▶ [ASSIGNMENT] The records below need to be repeated exactly, with every picture left out.

(Stored data entries)
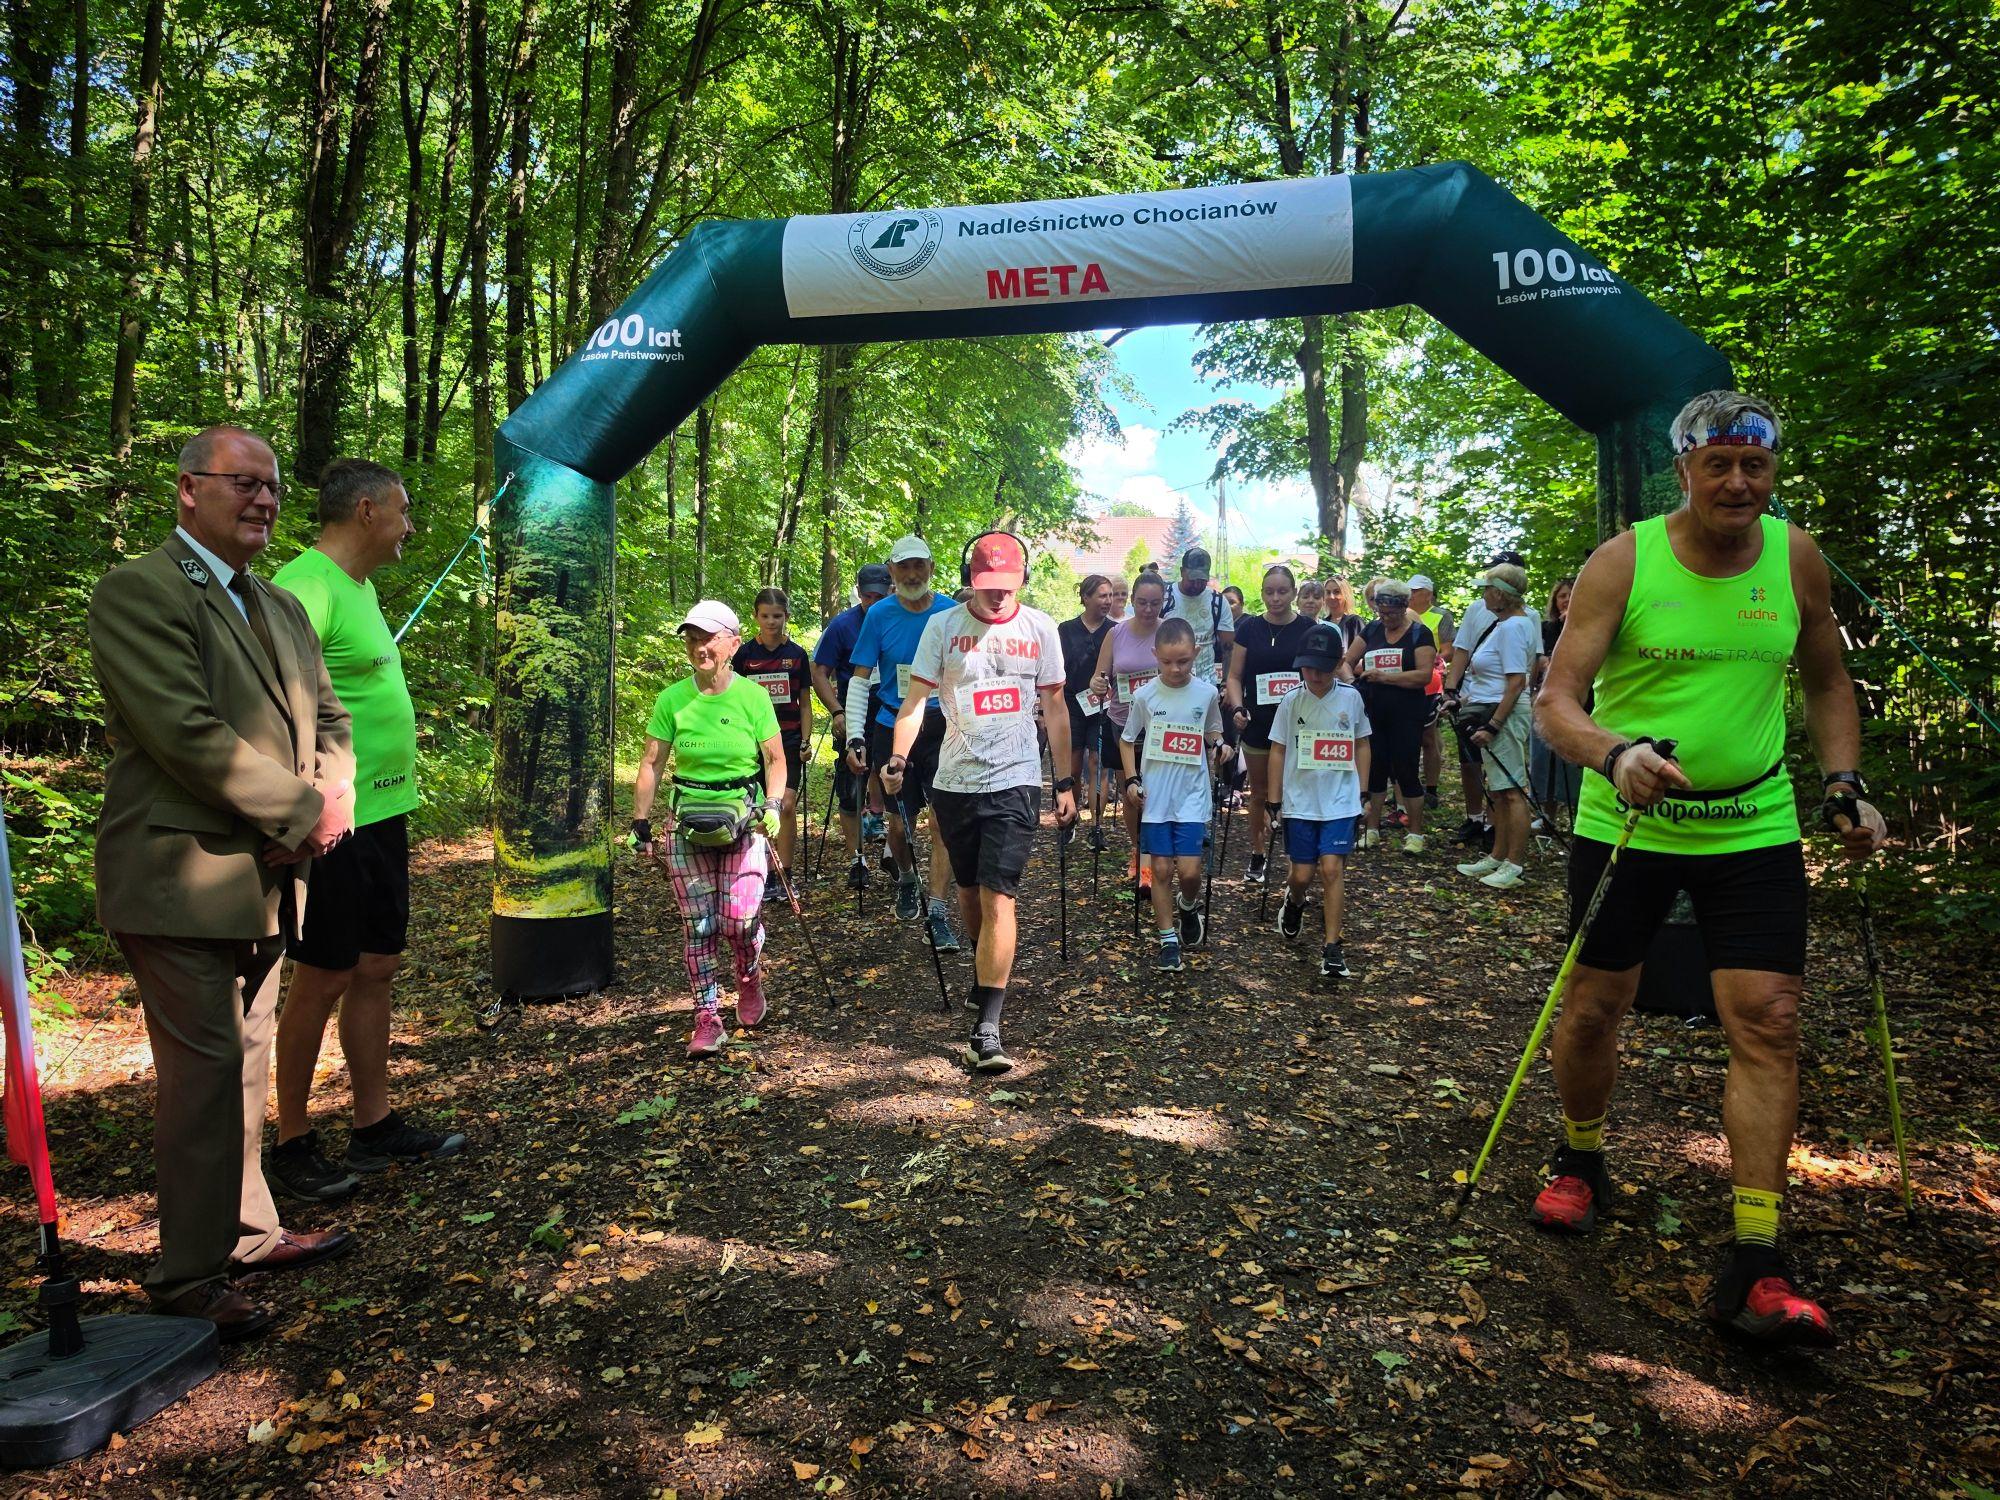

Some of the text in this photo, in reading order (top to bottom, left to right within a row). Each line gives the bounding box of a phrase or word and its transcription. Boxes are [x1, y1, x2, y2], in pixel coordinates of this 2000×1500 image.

[958, 210, 1125, 238] Nadleśnictwo
[1133, 201, 1278, 225] Chocianów
[1492, 248, 1615, 290] 100 lat
[986, 263, 1110, 300] META
[1496, 285, 1622, 305] Lasów Państwowych
[586, 313, 681, 351] 100 lat
[580, 349, 685, 363] Lasów Państwowych
[1737, 607, 1778, 622] rudna
[1378, 655, 1398, 666] 455
[1638, 647, 1784, 664] KGHM METRACO
[766, 684, 785, 695] 56
[980, 693, 1014, 711] 458
[1168, 736, 1197, 753] 452
[1319, 744, 1348, 758] 448

▶ [SOLUTION TO THE EXERCISE]
Some of the text in this photo, in reading order (top to bottom, left to right within a row). Each line gives the bounding box of a phrase or word and its transcription. Boxes are [x1, y1, x2, y2], in pixel coordinates of this 2000×1500 image.

[958, 210, 1125, 238] Nadleśnictwo
[1133, 201, 1278, 225] Chocianów
[1492, 248, 1615, 290] 100 lat
[986, 263, 1110, 300] META
[1496, 285, 1622, 305] Lasów Państwowych
[586, 313, 681, 351] 100 lat
[580, 349, 685, 363] Lasów Państwowych
[1737, 607, 1778, 622] rudna
[1378, 655, 1398, 666] 455
[1638, 647, 1784, 664] KGHM METRACO
[766, 684, 785, 695] 56
[980, 693, 1014, 711] 458
[1168, 736, 1197, 753] 452
[1319, 744, 1348, 758] 448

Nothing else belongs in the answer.